Date: 1300-1400
Language: Latin
Origin: admittere, from ad- 'to' + mittere 'to send'


ad‧mit S2 W1 past tense and past participle admitted, present participle admitting

accept truth

[intransitive and transitive] to agree unwillingly that something is true or that someone else is right:
'Okay, so maybe I was a little bit scared,' Jenny admitted.
admit (that)
You may not like her, but you have to admit that she's good at her job.
admit to somebody (that)
Paul admitted to me that he sometimes feels jealous of my friendship with Stanley.
I must admit, I didn't actually do anything to help her.
Admit it! I'm right, aren't I?
admit (to) doing something
Dana admitted feeling hurt by what I had said.
freely/openly/frankly etc admit (=admit without being ashamed)
Phillips openly admits to having an alcohol problem.

accept blame

[intransitive and transitive] to say that you have done something wrong, especially something criminal [= confess; ≠ deny]
admit doing something
Greene admitted causing death by reckless driving.
admit to (doing) something
A quarter of all workers admit to taking time off when they are not ill.
After questioning, he admitted to the murder.
No organization has admitted responsibility for the bombing.

allow to enter

[transitive] to allow someone to enter a public place to watch a game, performance etc [↪ admittance, admission]
admit somebody to/into something
Only ticket-holders will be admitted into the stadium.

allow to join

[transitive] to allow someone to join an organization, club etc
admit somebody to/into something
Drake was admitted into the club in 1997.

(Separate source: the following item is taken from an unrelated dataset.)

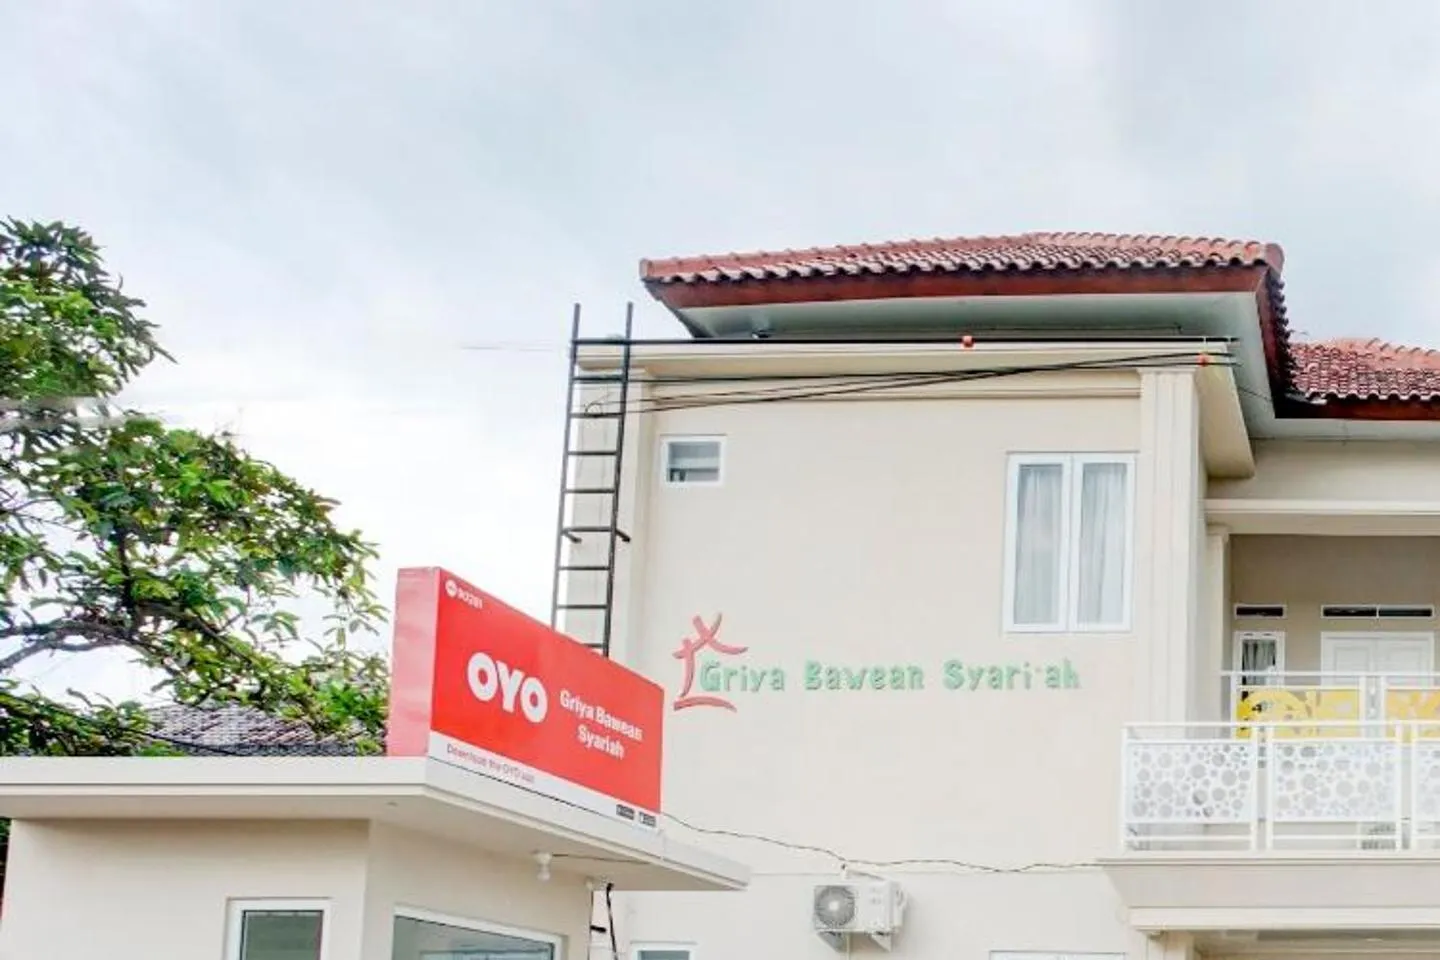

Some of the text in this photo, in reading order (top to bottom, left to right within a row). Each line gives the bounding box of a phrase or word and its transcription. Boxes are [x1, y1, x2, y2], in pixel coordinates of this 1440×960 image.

[transitive] if people at a hospital admit someone, that person is taken in to be given treatment, tests, or care:
What time was she admitted?
be admitted to hospital British English /be admitted to the hospital American English

admit defeat

to stop trying to do something because you realize you cannot succeed:
For Haskill, selling the restaurant would be admitting defeat.

admit evidence

to allow a particular piece of evidence to be used in a court of law:
Courts can refuse to admit evidence obtained illegally by police.

admit of something

phrasal verb
if a situation admits of a particular explanation, that explanation can be accepted as possible:
The facts admit of no other explanation.